Provided records ::
--*--

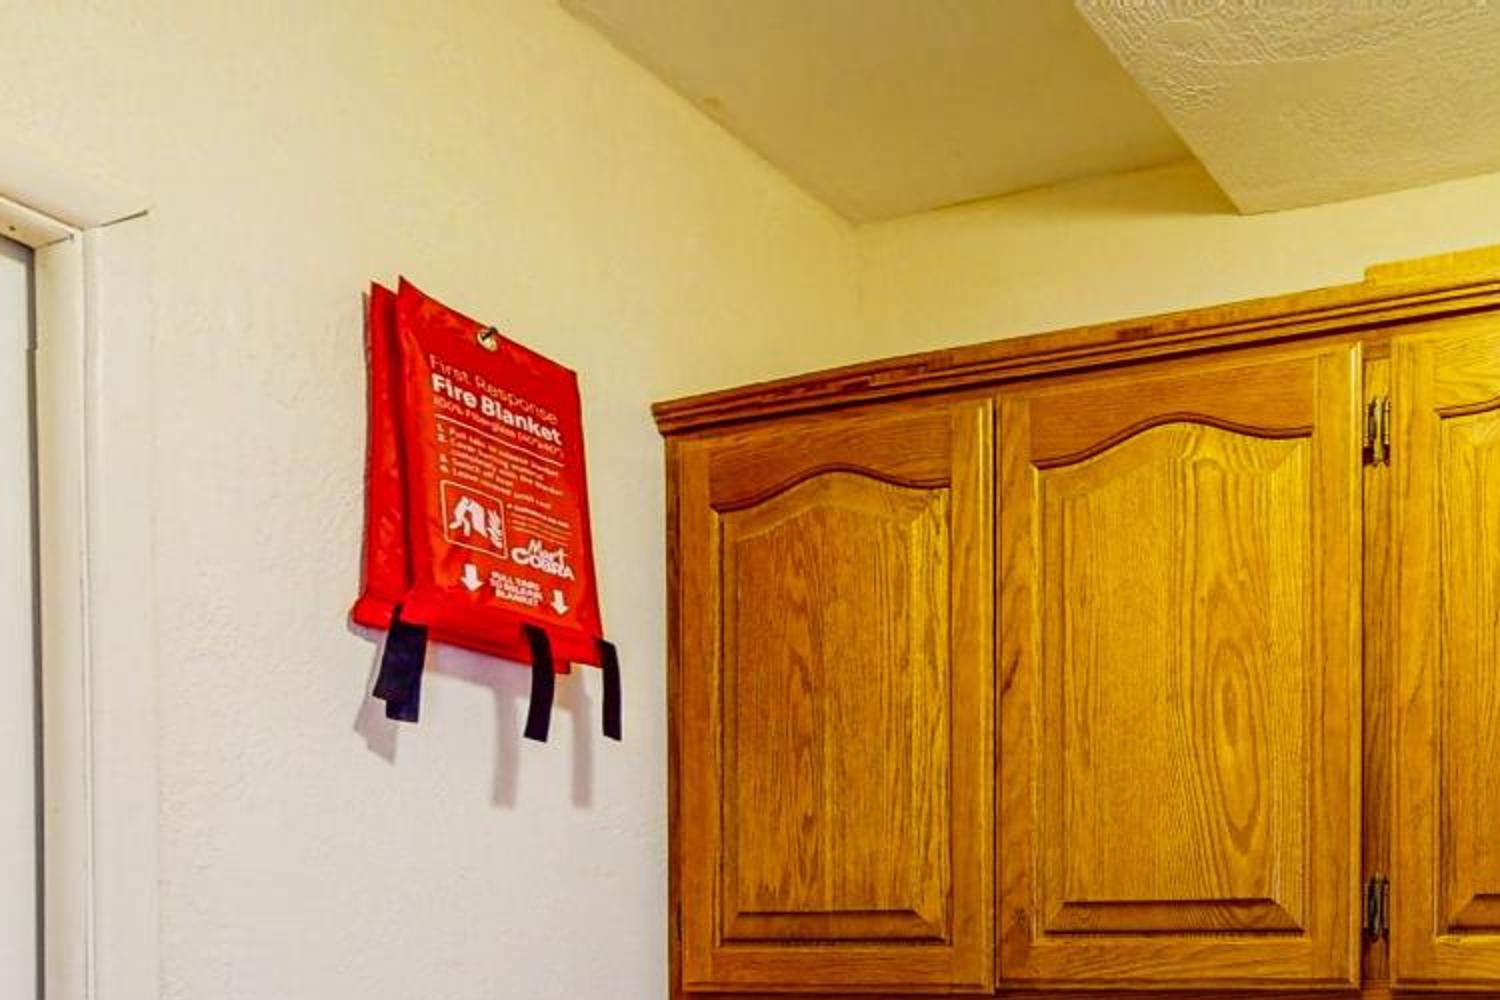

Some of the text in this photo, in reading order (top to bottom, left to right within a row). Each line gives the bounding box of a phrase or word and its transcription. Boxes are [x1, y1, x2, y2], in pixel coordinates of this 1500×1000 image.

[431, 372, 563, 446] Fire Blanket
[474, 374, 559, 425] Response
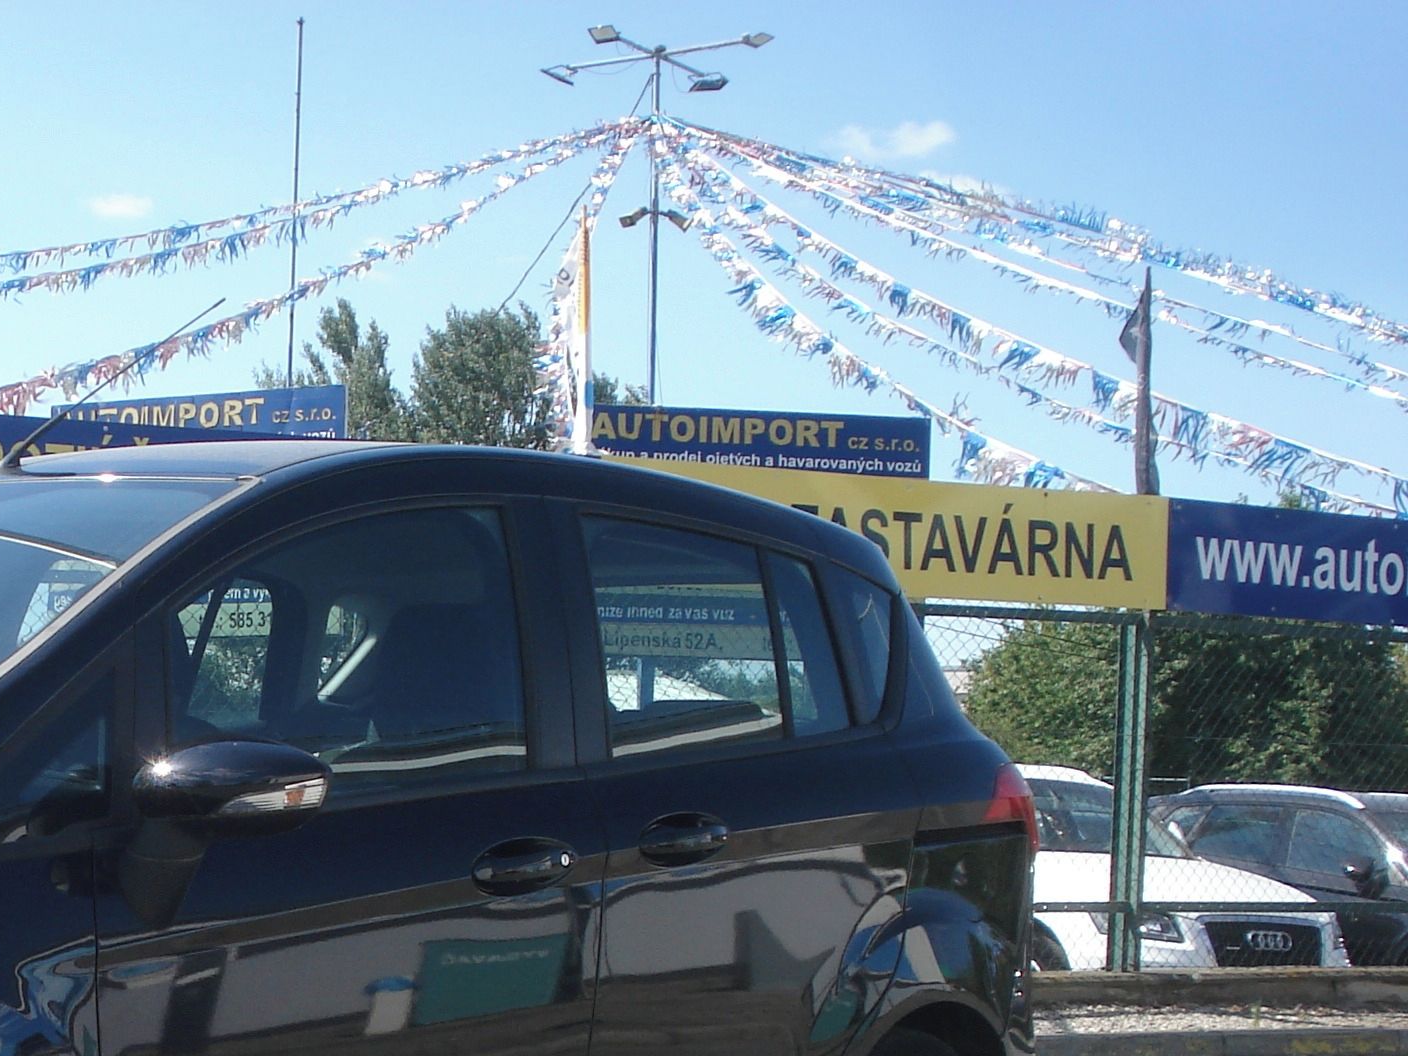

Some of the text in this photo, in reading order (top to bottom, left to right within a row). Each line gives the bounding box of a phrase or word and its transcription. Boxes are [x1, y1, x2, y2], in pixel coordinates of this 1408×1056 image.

--*--

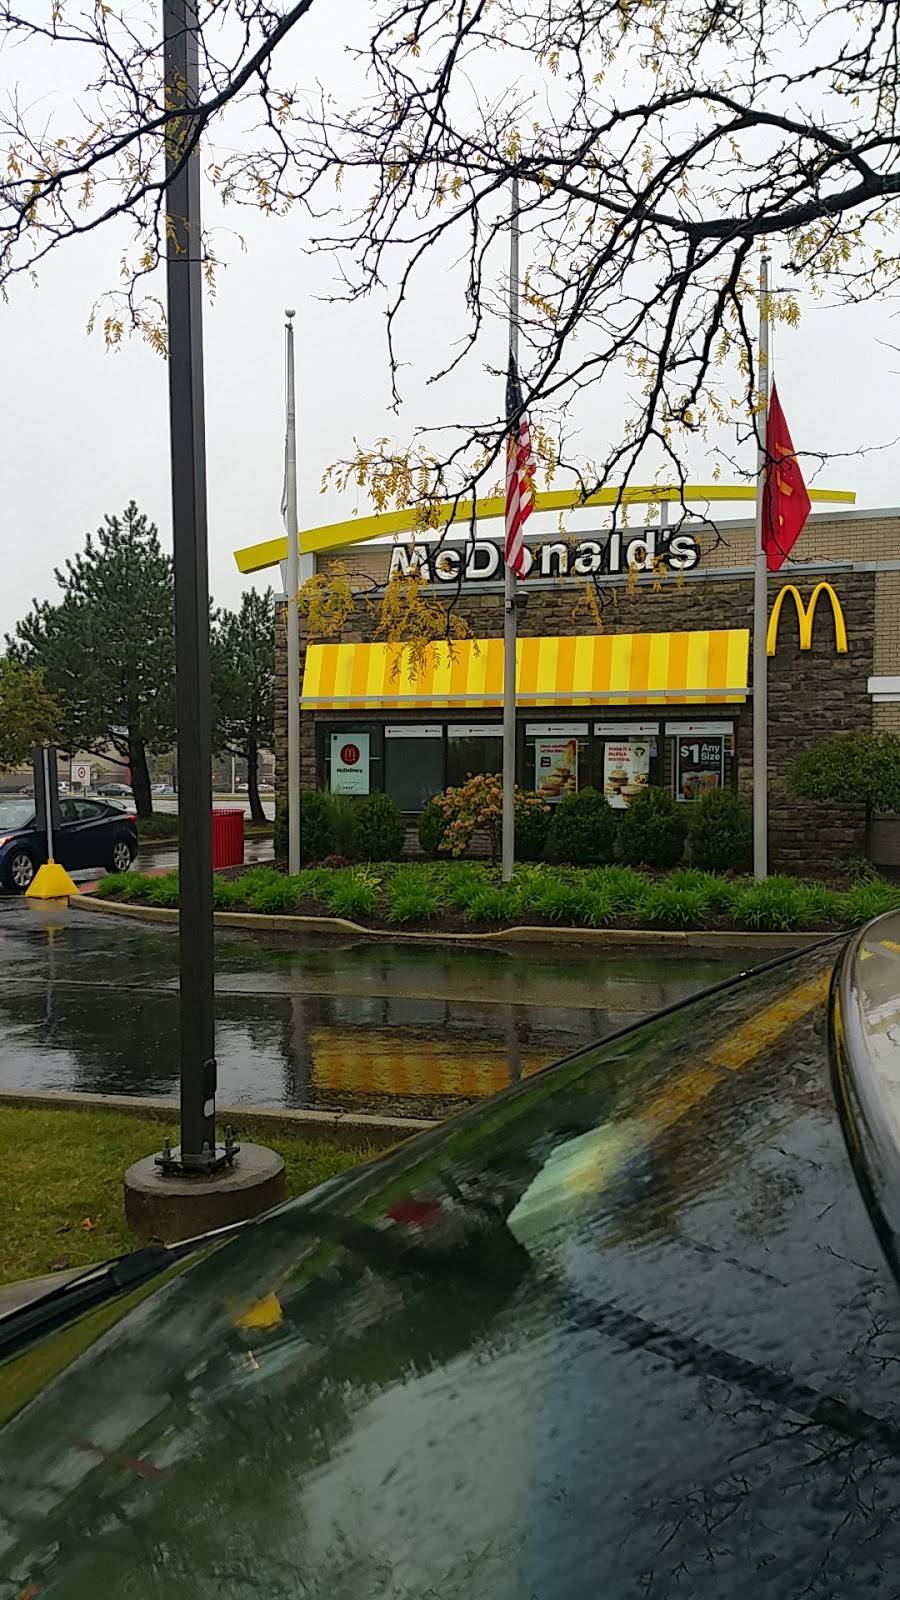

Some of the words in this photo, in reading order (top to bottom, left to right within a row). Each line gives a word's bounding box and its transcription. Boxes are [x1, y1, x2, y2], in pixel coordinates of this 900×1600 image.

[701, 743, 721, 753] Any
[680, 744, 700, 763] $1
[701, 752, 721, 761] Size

--*--

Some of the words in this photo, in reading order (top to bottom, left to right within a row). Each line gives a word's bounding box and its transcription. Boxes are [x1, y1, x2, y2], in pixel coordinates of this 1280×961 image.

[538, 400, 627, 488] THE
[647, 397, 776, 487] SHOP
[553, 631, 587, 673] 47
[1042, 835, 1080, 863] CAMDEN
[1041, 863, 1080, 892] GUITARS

--*--

What is needed :: Look above for the line holding "this 1500×1000 image." and output everything from it down to the line holding "this 1408×1056 image.", both ends included, exactly and without images.

Your response ::
Some of the text in this photo, in reading order (top to bottom, left to right within a row). Each line gives the bounding box of a phrase or word and its transcription. Boxes are [x1, y1, x2, y2], in pixel coordinates of this 1500×1000 image.

[431, 372, 563, 446] Fire Blanket
[474, 374, 559, 425] Response

Some of the text in this photo, in reading order (top to bottom, left to right within a row). Each line gives the bounding box of a phrase or word and its transcription. Boxes are [x1, y1, x2, y2], in pixel coordinates of this 1408×1056 image.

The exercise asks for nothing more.